The most tasteless form of skimming is not recording the sale of goods but collecting the money from the customer. Despite controls such as register tape, managers, and watch equipment, employees may be able to manipulate the system in order to preclude fraud detection. In some examples of unrecorded sales, the fraudster manipulates the register tape so that it does not print on the tape when transactions are keyed into the system. A means of detection would be pre-numbering the system records so that if skimming were perpetrated when the fraudster turn the register tape back on there would be a break in the pre-numbered transactions. companies should be specifically true of unrecorded sales schemes with revenue streams that are difficult to monitor and commonly unpredictable in value.

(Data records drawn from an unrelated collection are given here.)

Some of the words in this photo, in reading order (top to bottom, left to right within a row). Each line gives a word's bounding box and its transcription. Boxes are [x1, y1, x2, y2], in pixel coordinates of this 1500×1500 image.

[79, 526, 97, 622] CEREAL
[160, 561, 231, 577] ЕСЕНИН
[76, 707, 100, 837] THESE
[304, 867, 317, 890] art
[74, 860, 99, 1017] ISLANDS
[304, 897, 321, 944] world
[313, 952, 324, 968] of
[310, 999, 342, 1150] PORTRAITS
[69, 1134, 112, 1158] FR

Understated Sales and Receivables

In these skimming schemes the buyer receives a receipt that is for the total whole of the transaction but when the laborer enters it into the system they report either a reduction or a sale of lesser value. In order to cover their tracks they can manipulate carbon copies of the receipt by writing in their own amounts or generating false reduction documentation. Fraud stoppage is potential by requiring approval for sales discounts, checking receipts for alterations and tracking the history of cashiers' sales discounts.

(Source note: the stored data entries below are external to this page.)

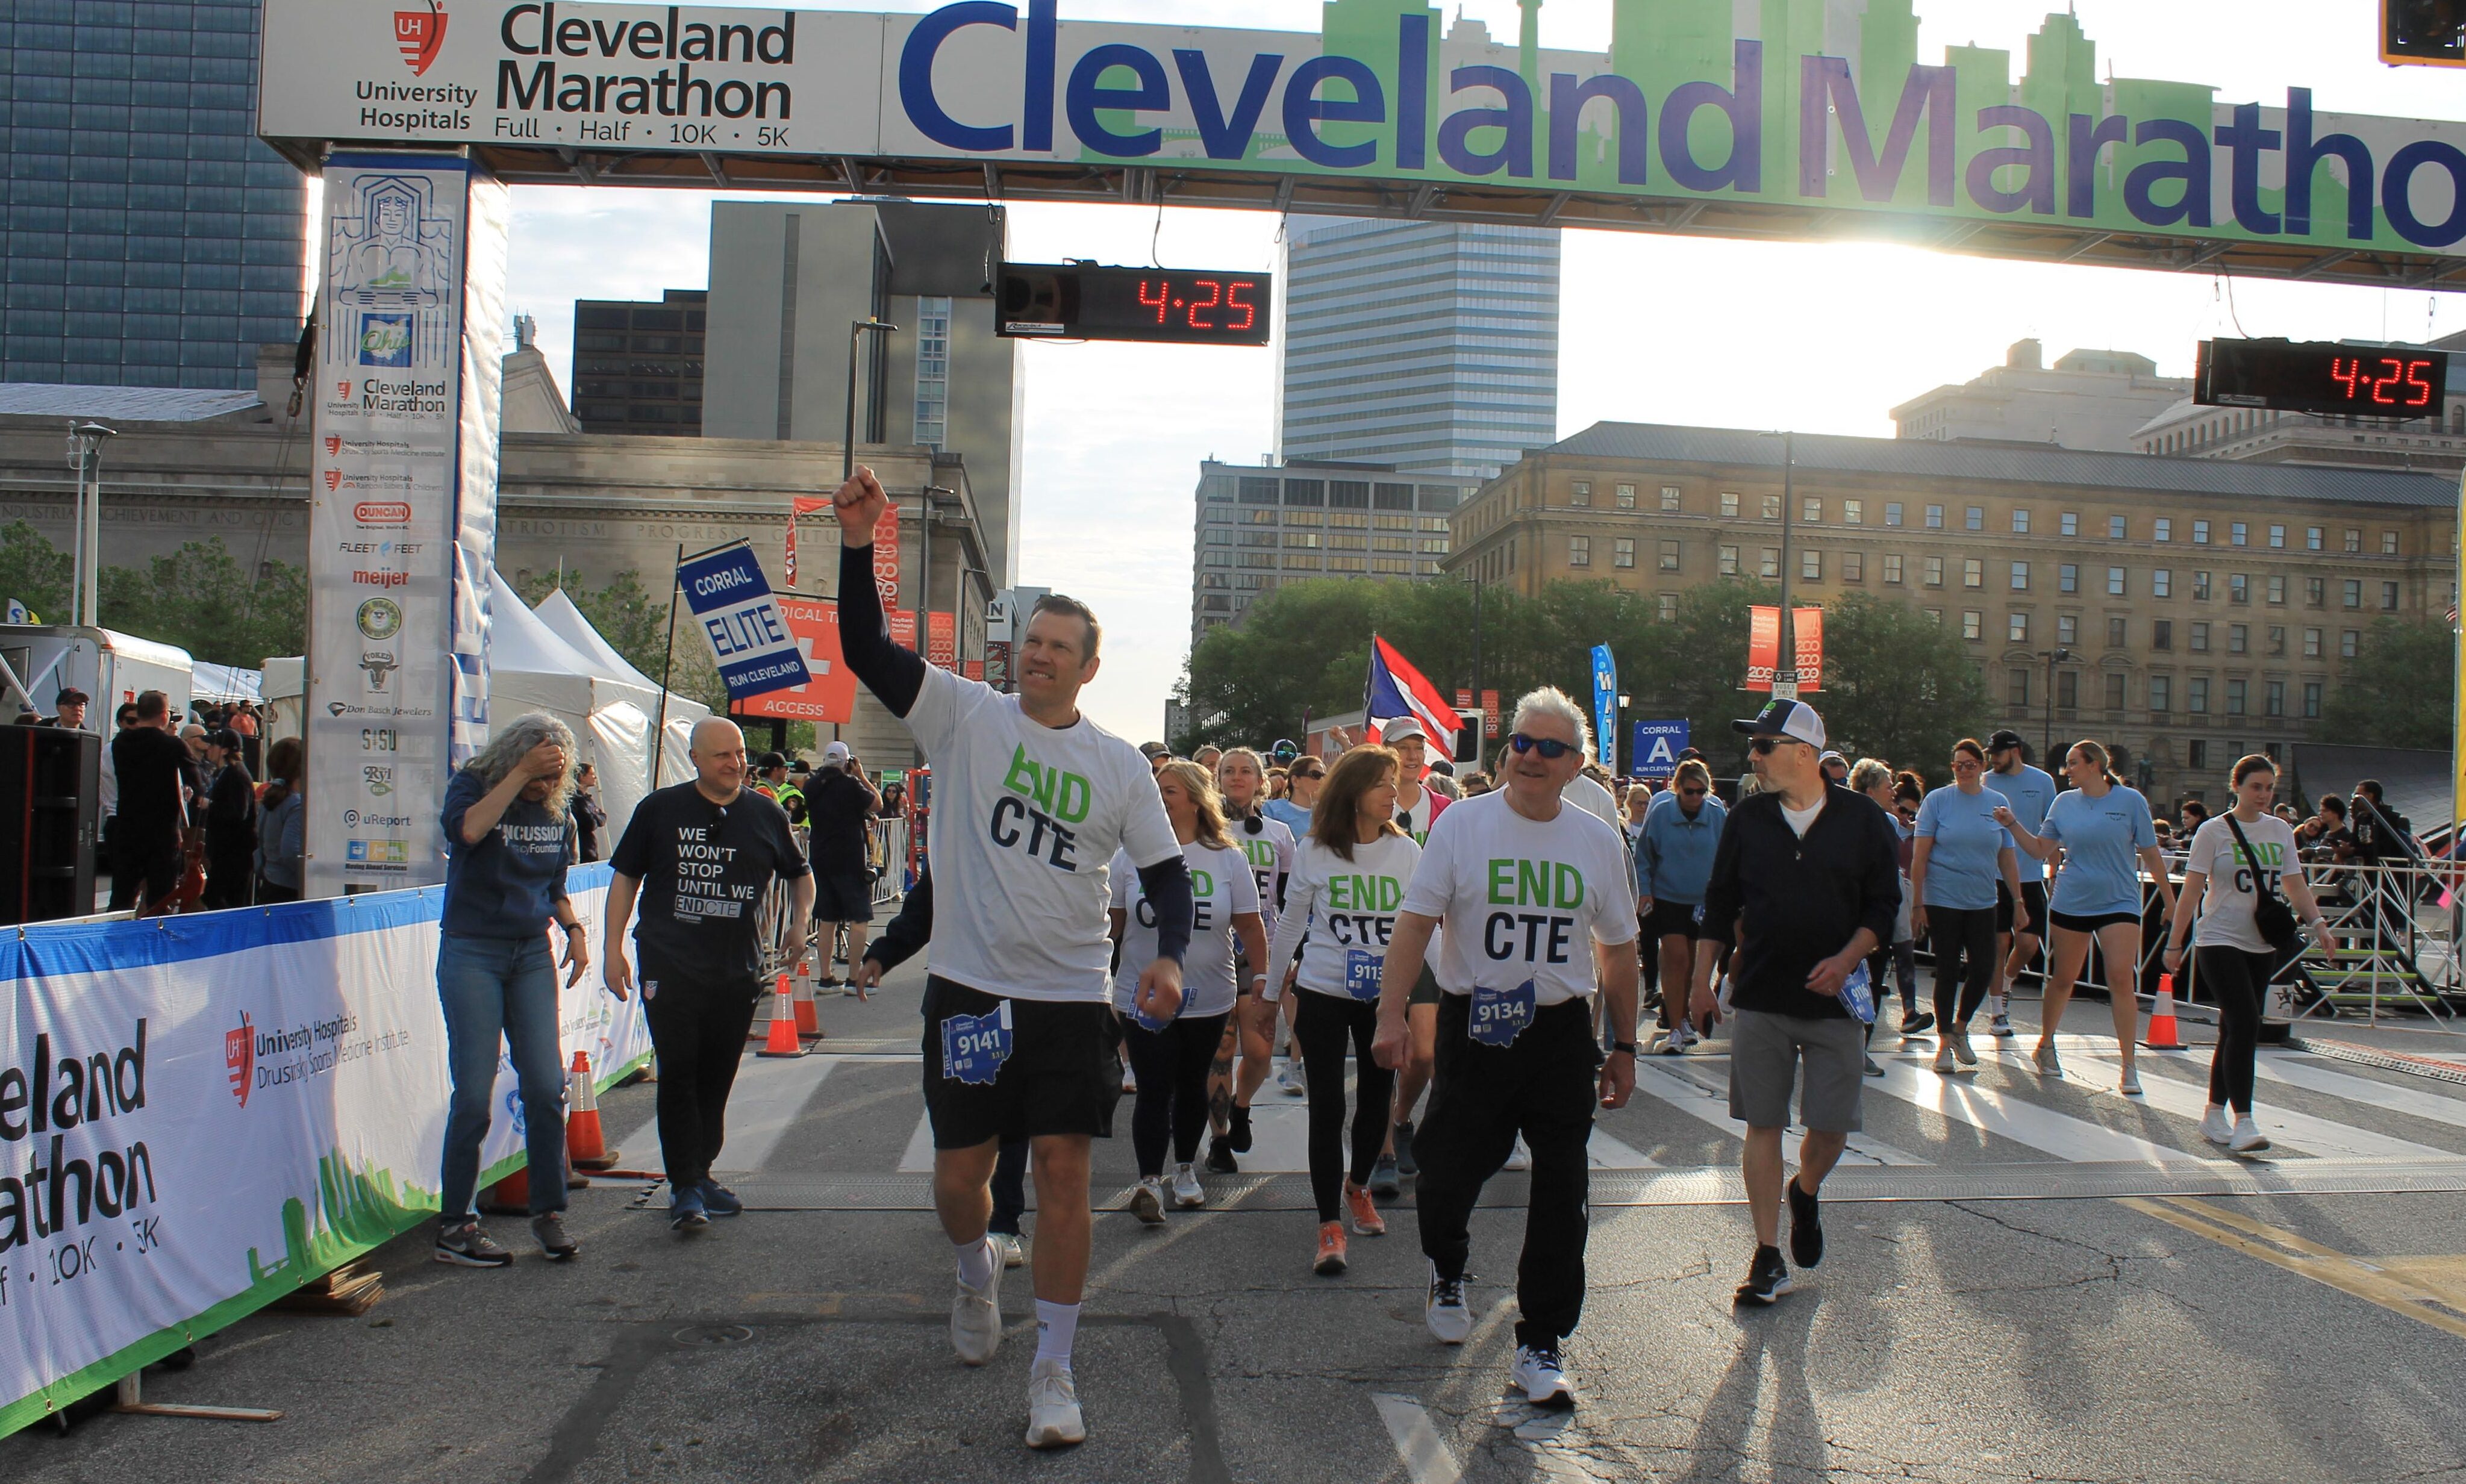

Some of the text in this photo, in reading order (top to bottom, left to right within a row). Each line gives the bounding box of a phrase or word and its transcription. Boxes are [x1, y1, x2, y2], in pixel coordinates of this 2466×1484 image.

[499, 2, 796, 65] Cleveland
[356, 81, 478, 109] University
[496, 60, 792, 119] Marathon
[898, 0, 1754, 193] Cleveland
[360, 108, 471, 132] Hospitals
[494, 117, 791, 148] Full Half 10K 5K
[361, 330, 412, 352] Ohio
[364, 379, 446, 396] Cleveland
[363, 394, 445, 412] Marathon
[376, 440, 410, 449] Hospitals
[2, 505, 86, 520] NDUSTRIA
[208, 511, 242, 524] AND
[360, 508, 406, 517] DUNCAN
[637, 523, 741, 541] PROGRESS
[339, 543, 423, 553] FLEET FEET
[352, 567, 410, 588] meijer
[695, 566, 752, 596] CORRAL
[707, 604, 785, 657] ELITE
[929, 640, 954, 650] 200
[1796, 640, 1820, 652] 200
[929, 652, 954, 663] 200
[1796, 654, 1820, 666] 200
[728, 661, 800, 688] RUN CLEVELAND
[1747, 666, 1774, 679] 200
[1796, 667, 1820, 679] 200
[368, 706, 392, 715] Basch
[393, 707, 432, 716] Jewelers
[764, 700, 824, 717] ACCESS
[1643, 726, 1682, 735] CORRAL
[1647, 737, 1674, 763] A
[1003, 742, 1091, 824] END
[364, 814, 412, 828] uReport
[678, 828, 707, 841] WE
[990, 796, 1077, 872] CTE
[678, 844, 737, 862] WON'T
[678, 862, 723, 878] STOP
[678, 878, 754, 899] UNTIL WE
[1329, 874, 1402, 912] END
[1488, 859, 1585, 910] END
[1135, 897, 1212, 931] CE
[1329, 914, 1395, 946] CTE
[1484, 911, 1574, 964] CTE
[1850, 984, 1870, 1002] 9116
[1478, 1001, 1526, 1021] 9134
[256, 1011, 357, 1057] University Hospitals
[958, 1029, 1000, 1056] 9141
[309, 1050, 332, 1075] Sports
[334, 1038, 373, 1065] Medicine
[375, 1028, 409, 1053] Institute
[49, 1235, 96, 1286] 10K
[137, 1216, 161, 1256] 5K

Theft of Checks through the Mail

In this singular scheme the sale has been recorded into the company's system but the payment on the receivable has not been received. The person in charge of receiving payment in the enterprise physically steals the check and cashes it at the bank. If the laborer is able to overcome the issues with cashing the checks such as endorsement and convincing the bank that the transaction is legitimate then they must deal with how to conceal the fraud when the customers balance becomes delinquent. If the laborer is not true the enterprise will send late notices to customers that will likely consequent in complaints from customers with a copy of the canceled check. Fraudsters have gone around this by intercepting the notices or manipulating the address of the buyer in order to reroute the mail. A major red flag for the opportunity to commit this scheme is when the laborer that receives the mail is also the same person that has the job of recording the receipt. By properly segregating duties and marking all checks for deposit only, a enterprise can easily reduce the potential of this skimming scheme.

Short-Term Skimming

The final kind of short-term skimming is less about stealing the money than borrowing it in order to procure revenue from the time value of money. By delaying the receipt of payment the laborer is able to use the funds for short term investments generating interest for the perpetrator. The means of obtaining way of the money could be any of the forms above but there is a clear difference that in this case the money is at last returned to the enterprise and the only loss is the time value of that receipt. Red flags in this area would consist of a higher days sales outstanding ratio or unusual payment timing when compared to historical buyer payment especially when seeing at exact customers.

Fraud Prevention

Regardless of the method of skimming the most foremost means of stoppage is establishing proper internal controls. Segregating duties and laborer awareness of the company's procedure on theft can eliminate the opportunity and rationalization of committing these frauds. When early detection fails skimming can lead to very high-priced losses and a corporate culture that ignores the signals of fraud.